*** Block opens ***

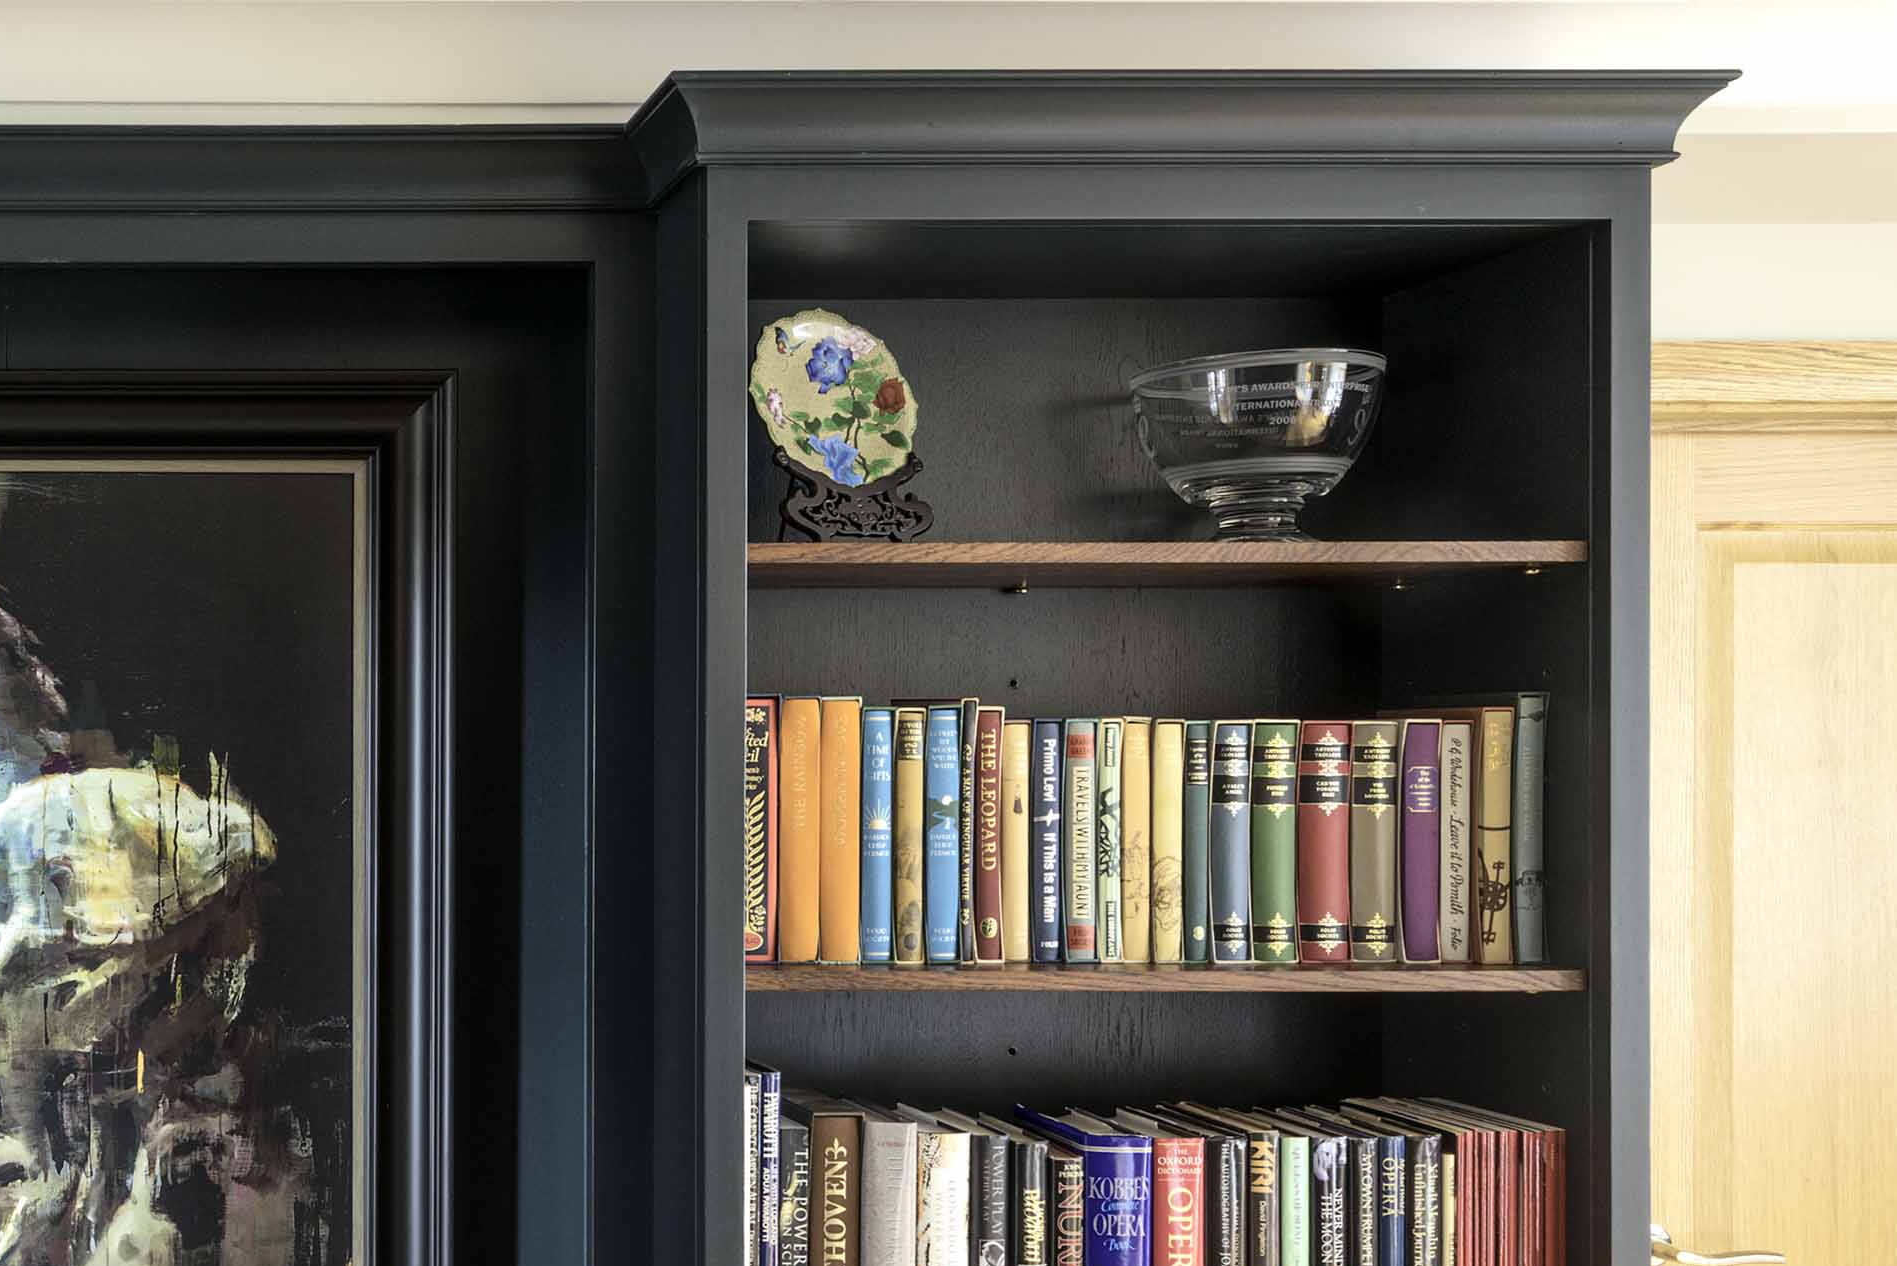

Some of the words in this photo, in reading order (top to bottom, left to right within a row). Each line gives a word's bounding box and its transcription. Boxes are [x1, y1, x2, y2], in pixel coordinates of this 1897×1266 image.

[981, 729, 996, 771] THE
[1043, 738, 1056, 775] Primo
[1043, 777, 1057, 801] Levi
[981, 777, 997, 871] LEOPARD
[794, 1150, 808, 1187] THE
[1158, 1156, 1202, 1166] OXFORD
[1251, 1141, 1274, 1193] KIRI
[1093, 1213, 1146, 1237] OPERA
[1321, 1193, 1333, 1220] THE
[1333, 1188, 1343, 1230] NEVER
[793, 1196, 808, 1264] POWER
[1322, 1223, 1333, 1264] MOON

*** Block closes ***

Set down all the data again exactly as above, pictures excluded.

OUTPUT FOR THIS EXERCISE:
Some of the words in this photo, in reading order (top to bottom, left to right within a row). Each line gives a word's bounding box and its transcription. Boxes are [x1, y1, x2, y2], in pixel coordinates of this 1897×1266 image.

[981, 729, 996, 771] THE
[1043, 738, 1056, 775] Primo
[1043, 777, 1057, 801] Levi
[981, 777, 997, 871] LEOPARD
[794, 1150, 808, 1187] THE
[1158, 1156, 1202, 1166] OXFORD
[1251, 1141, 1274, 1193] KIRI
[1093, 1213, 1146, 1237] OPERA
[1321, 1193, 1333, 1220] THE
[1333, 1188, 1343, 1230] NEVER
[793, 1196, 808, 1264] POWER
[1322, 1223, 1333, 1264] MOON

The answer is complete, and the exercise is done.